_About this task_
Set down every entry exactly as it stands, omitting any picture.

_Dataset records_
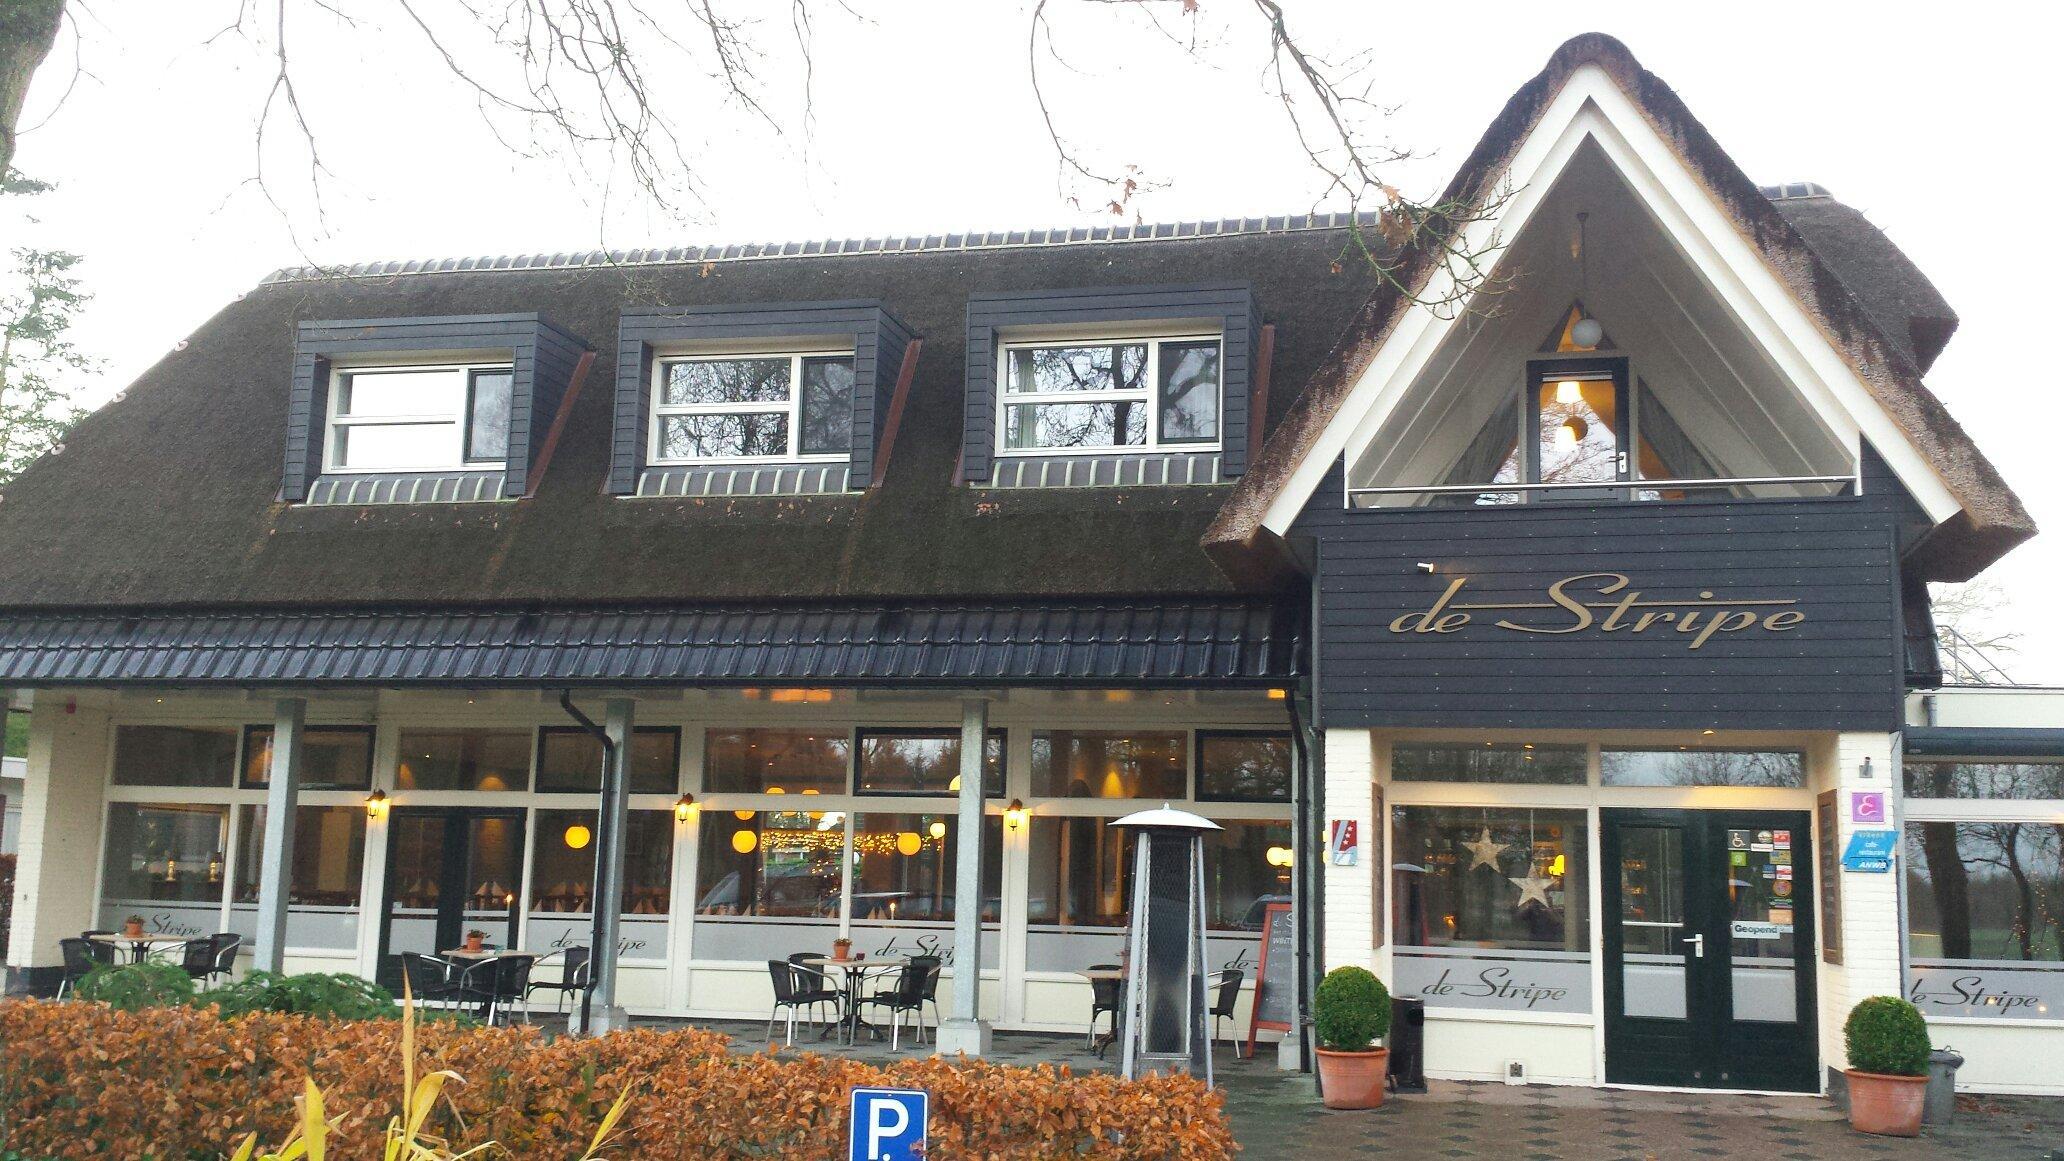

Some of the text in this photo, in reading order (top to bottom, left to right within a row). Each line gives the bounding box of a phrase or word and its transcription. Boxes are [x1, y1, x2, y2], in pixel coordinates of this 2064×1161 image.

[1389, 572, 1805, 649] de Stripe
[550, 928, 647, 956] de ipe
[1734, 924, 1778, 934] Geopend
[875, 934, 954, 965] de Stri
[1224, 948, 1248, 970] de
[1422, 967, 1567, 1008] de Stripe
[1933, 976, 2040, 1015] Stripe
[868, 1098, 909, 1160] P
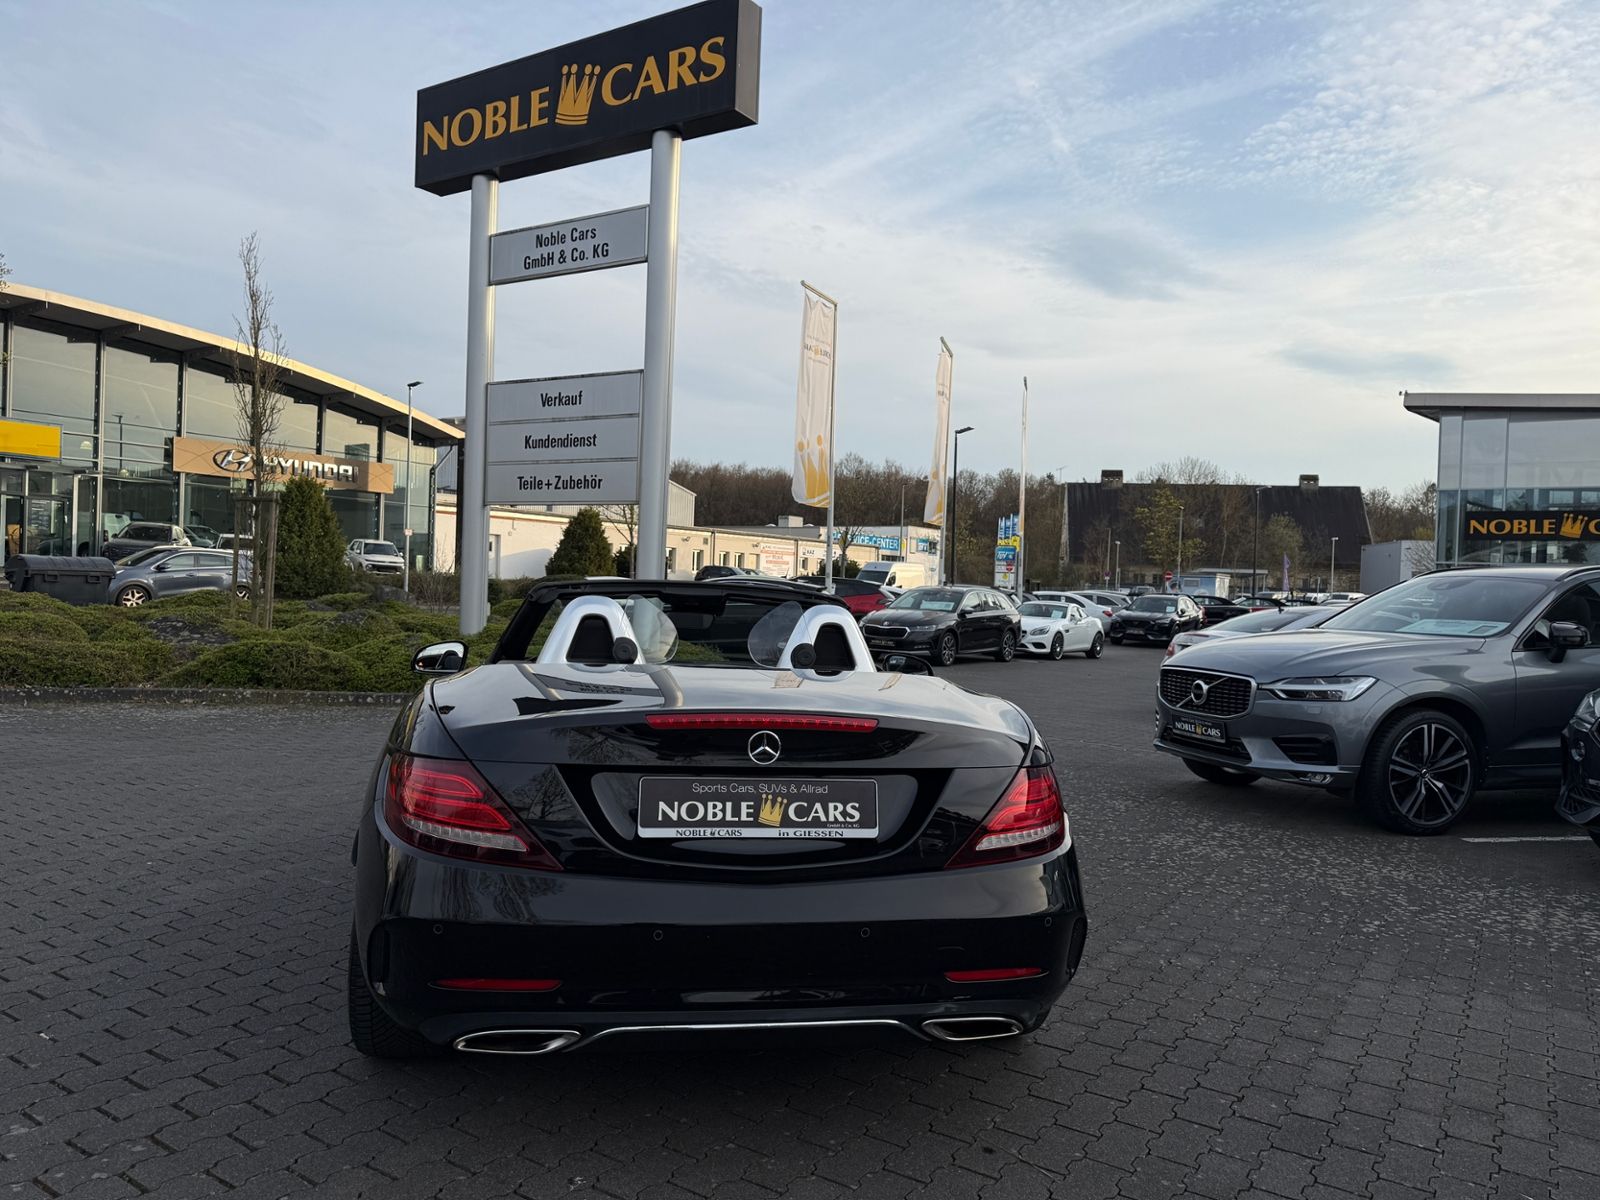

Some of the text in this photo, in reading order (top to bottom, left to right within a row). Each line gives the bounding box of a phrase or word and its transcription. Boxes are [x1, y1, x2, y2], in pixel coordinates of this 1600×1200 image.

[423, 36, 726, 156] NOBLE CARS
[535, 227, 597, 248] Noble Cars
[523, 242, 609, 270] GmbH & Co. KG
[540, 390, 583, 408] Verkauf
[524, 433, 597, 449] Kundendienst
[263, 456, 359, 483] HYUNDAI
[517, 474, 603, 490] Teile+Zubehör
[1469, 519, 1556, 535] NOBLE
[1175, 721, 1221, 737] NOBLE CARS
[692, 782, 829, 794] Sports Cars, SUVs & Allrad
[658, 801, 861, 822] NOBLE CARS
[675, 829, 743, 837] NOBLE CARS
[778, 829, 844, 837] in GIESSEN

_Answer to the exercise_
Some of the text in this photo, in reading order (top to bottom, left to right within a row). Each line gives the bounding box of a phrase or word and its transcription. Boxes are [x1, y1, x2, y2], in pixel coordinates of this 2064×1161 image.

[1389, 572, 1805, 649] de Stripe
[550, 928, 647, 956] de ipe
[1734, 924, 1778, 934] Geopend
[875, 934, 954, 965] de Stri
[1224, 948, 1248, 970] de
[1422, 967, 1567, 1008] de Stripe
[1933, 976, 2040, 1015] Stripe
[868, 1098, 909, 1160] P

Some of the text in this photo, in reading order (top to bottom, left to right within a row). Each line gives the bounding box of a phrase or word and its transcription. Boxes are [x1, y1, x2, y2], in pixel coordinates of this 1600×1200 image.

[423, 36, 726, 156] NOBLE CARS
[535, 227, 597, 248] Noble Cars
[523, 242, 609, 270] GmbH & Co. KG
[540, 390, 583, 408] Verkauf
[524, 433, 597, 449] Kundendienst
[263, 456, 359, 483] HYUNDAI
[517, 474, 603, 490] Teile+Zubehör
[1469, 519, 1556, 535] NOBLE
[1175, 721, 1221, 737] NOBLE CARS
[692, 782, 829, 794] Sports Cars, SUVs & Allrad
[658, 801, 861, 822] NOBLE CARS
[675, 829, 743, 837] NOBLE CARS
[778, 829, 844, 837] in GIESSEN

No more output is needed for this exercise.